Seminar Course: Large Language Models: Building Blocks, Training, and Control (IN2107, IN4816)
| Lecturer (assistant) | |
|---|---|
| Number | 0000002186 |
| Type | seminar |
| Duration | 2 SWS |
| Term | Sommersemester 2026 |
| Language of instruction | English |
| Position within curricula | See TUMonline |
- 04.02.2026 14:00-15:00 01.12.035, Seminarraum , https://teams.microsoft.com/meet/34707632941688?p=360VVgc6Z3QSbflNaT
- 15.04.2026 14:00-18:00 01.10.011, Seminarraum (Inf. 18/19
- 16.04.2026 08:00-12:00 01.10.011, Seminarraum (Inf. 18/19
- 17.04.2026 12:00-18:00 01.10.011, Seminarraum (Inf. 18/19
Preliminary Session:
The preliminary session will take place online on Wednesday, the 04.02.2026, at 2:00pm.
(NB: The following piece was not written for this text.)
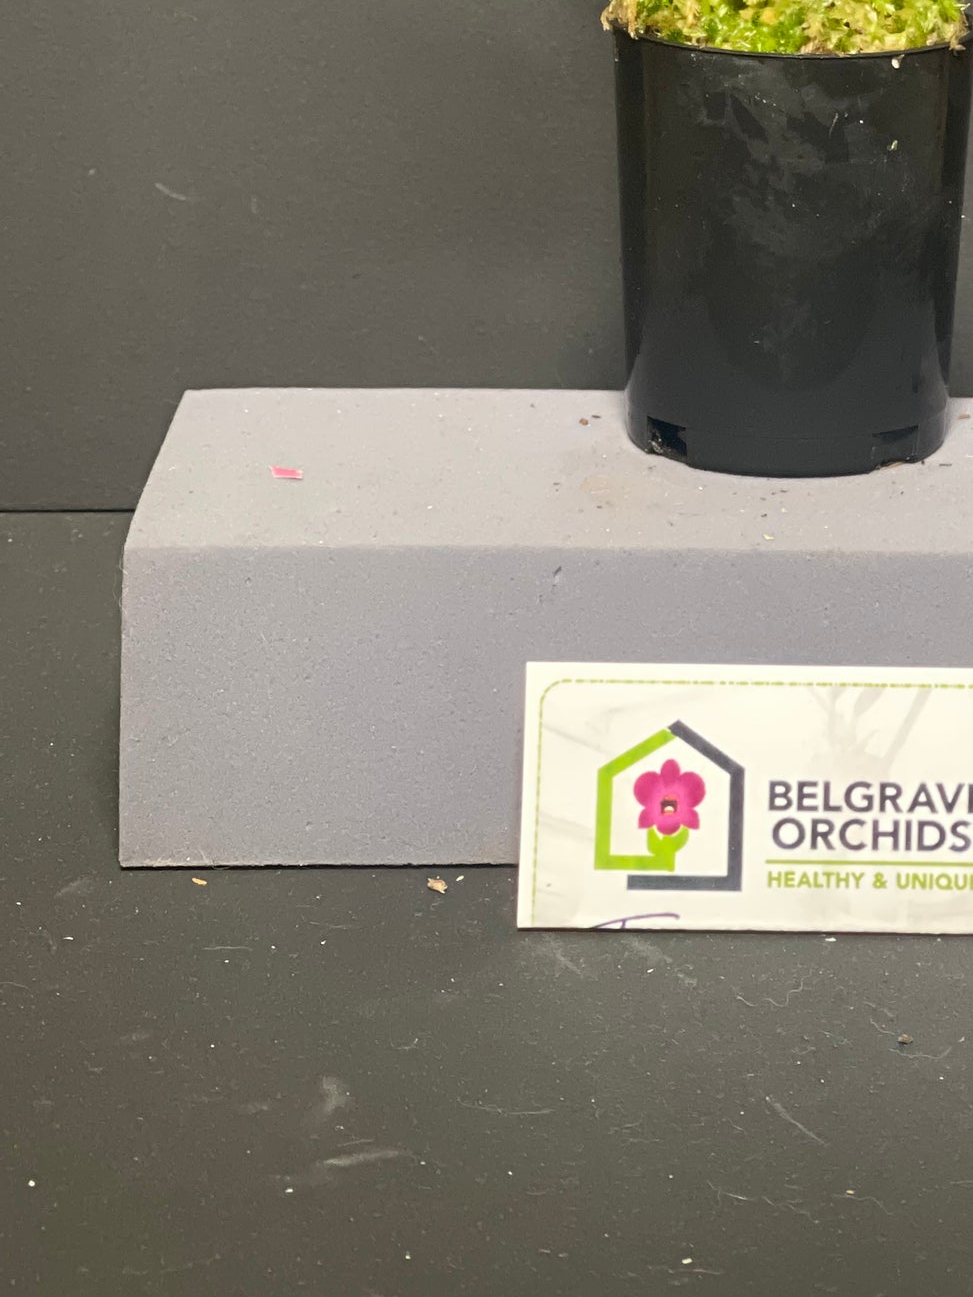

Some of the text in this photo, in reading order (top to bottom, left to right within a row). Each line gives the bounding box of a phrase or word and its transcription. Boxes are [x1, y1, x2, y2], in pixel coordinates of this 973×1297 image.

[771, 818, 972, 853] ORCHIDS
[766, 870, 863, 890] HEALTHY
[872, 872, 888, 890] &
Join the session online with the meeting details below:
Microsoft Teams meeting
Join: https://teams.microsoft.com/meet/34707632941688?p=360VVgc6Z3QSbflNaT
Meeting ID: 347 076 329 416 88
Passcode: Gm7H3Rf2
Introduction:
Large Language Models (LLMs) have rapidly become the cornerstone of modern artificial intelligence, driving advances in language understanding, reasoning, and creativity across research and industry. Their development reflects a broader shift toward general-purpose systems that learn from massive datasets and exhibit increasingly complex capabilities. Understanding how these models are built, trained, and optimized is essential for anyone seeking to engage with today’s AI ecosystem—whether as a researcher, engineer, or critical observer of emerging technologies.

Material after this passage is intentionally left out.